Dear Dr. Mae Jemison,
We have never met, but when you went to space in September, 1992, I cried, because without knowing the details of your life, I felt I knew you. I knew you the way twins who are adopted by different families recognize each other. Without reading your biography, I knew you must have spent hours of your childhood glued to the TV during those live broadcasts of Apollo and Gemini flights during the 1960s. I knew because I did, too. I figured that like me, you spent hours playing with microscopes and chemistry sets, making up your own little experiments, fantasizing about the wonders you could explore and discover one day.
I cried because you and I are contemporaries who grew up in a world imagining, as I think Margo Jefferson put it, what had not imagined us. And see, when I watched you go up on that space ship, I realized that I had unwittingly gone for the okey-doke all those years ago: despite growing up in the “Black and Proud” 60s, despite being encouraged to study science and engineering (and even being recruited as an engineering student), by the time I entered high school, I had absorbed two messages from the larger culture that, in my mind, made your achievement impossible.

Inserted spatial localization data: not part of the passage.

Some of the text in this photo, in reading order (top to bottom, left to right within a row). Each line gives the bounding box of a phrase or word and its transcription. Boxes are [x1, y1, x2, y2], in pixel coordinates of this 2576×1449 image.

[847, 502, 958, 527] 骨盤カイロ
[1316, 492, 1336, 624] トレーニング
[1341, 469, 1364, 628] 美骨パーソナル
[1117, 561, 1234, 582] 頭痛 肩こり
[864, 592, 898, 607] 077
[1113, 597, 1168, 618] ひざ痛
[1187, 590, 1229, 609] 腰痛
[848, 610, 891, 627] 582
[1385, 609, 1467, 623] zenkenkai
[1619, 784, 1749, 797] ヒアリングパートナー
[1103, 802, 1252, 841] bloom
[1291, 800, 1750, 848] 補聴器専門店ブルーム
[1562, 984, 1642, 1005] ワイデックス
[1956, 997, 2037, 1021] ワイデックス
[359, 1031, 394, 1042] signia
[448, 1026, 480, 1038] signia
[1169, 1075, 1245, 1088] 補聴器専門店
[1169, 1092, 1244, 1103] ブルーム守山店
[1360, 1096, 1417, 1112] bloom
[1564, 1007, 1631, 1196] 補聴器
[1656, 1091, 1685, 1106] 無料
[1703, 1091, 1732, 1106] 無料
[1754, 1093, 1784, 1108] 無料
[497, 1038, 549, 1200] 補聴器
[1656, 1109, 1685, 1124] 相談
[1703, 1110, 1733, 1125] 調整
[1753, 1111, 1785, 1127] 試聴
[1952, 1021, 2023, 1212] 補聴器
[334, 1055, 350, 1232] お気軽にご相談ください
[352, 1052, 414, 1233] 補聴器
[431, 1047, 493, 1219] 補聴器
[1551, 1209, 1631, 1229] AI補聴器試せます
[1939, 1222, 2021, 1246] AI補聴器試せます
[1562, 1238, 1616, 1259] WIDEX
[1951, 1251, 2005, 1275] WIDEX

First, NASA seemed the permanent province of white men, and besides, space travel seemed too far removed from the immediate concerns of the freedom struggle for me to justify focusing my energies there. Remember Gil Scott-Heron’s complaint: “A rat done bit my sister Nell/And Whitey’s on the moon?” And Marvin Gaye’s Inner-City Blues: “Rockets/Moon shots/Spend it on the have-nots…” (And yes, even though I was just 12 when the Apollo astronauts landed on the moon many precocious kids of my generation did absorb the message that we had a responsibility to advance positive social change.)
I didn’t understand then what I know now: in the last several decades, it’s the mathematicians and the scientists who have changed our world.
But even without the antagonism to “exotic” scientific research that I was exposed to as a child, I had absorbed another message that made me think I wasn’t cut out to be a scientist. I had developed an interest in writing, and the conventional wisdom at the time, in both education and popular culture, is that one could not be good at both science and the humanities. I was a science major in high school, which meant I was on track to take physics and AP bio and I didn’t take music and art. But the truth was, I wasn’t that great at chemistry, and I would come to school early to watch the orchestra practice. At my middle school, Masterman, I had studied electronic music, and I had a basic programming class. No such opportunity presented itself at Girls’ High. So although I liked science, by the time I went to college, I had absorbed the message that I was not a “science type.” My Princeton degree is in Politics, with a certificate in African American Studies.
By the time you joined the Astronaut Corps in 1987, I had fallen into a career as a science writer. I had worked for the Fox Chase Cancer Center and now I was at Bell Labs, where my job was to explain the basic and applied science behind emerging telecommunications technologies. I was working with brilliant people, some of them black, who created so much of what we take for granted today. One of them is the mathematician William Massey, whom I first met at Princeton and who returned to Princeton after his Bell Labs career to become a professor of in the University’s engineering school. In this YouTube video, he talks about the accomplishments and legacy of Black scientists at Bell Labs. I had the privilege of writing about him and many of the other people whose work he describes:
It was the experience of working with people like Bill that showed me something that you’ve known for a long time – that this idea that one can’t be a scientist and a humanist at the same time is a canard. As you argued just over ten years ago, not only are the sciences and arts not opposed, they share a common creative source. In computer science education, we now know that one way to get students from under-represented backgrounds into the field is by introducing them to its expressive and creative potential. I watched you talk about how you dealt with the conventional view that there was some contradiction between your love of science, your passion for dance and your fealty to African-American culture and I wanted to cheer because somehow, you figured out that it didn’t have to be one or the other.
When you went up in space, Dr. Jemison, I cried. When you stood up and gave this speech, I cheered. You’re working on interstellar travel now. I’m working with computer scientists to create new tools for civic engagement. You are still inspiring me to think bigger, be bolder, to ferret out any remaining culturally imposed limitations I’ve absorbed. I hope you are having a happy birthday, Dr. Jemison. You continue to be a gift to us all.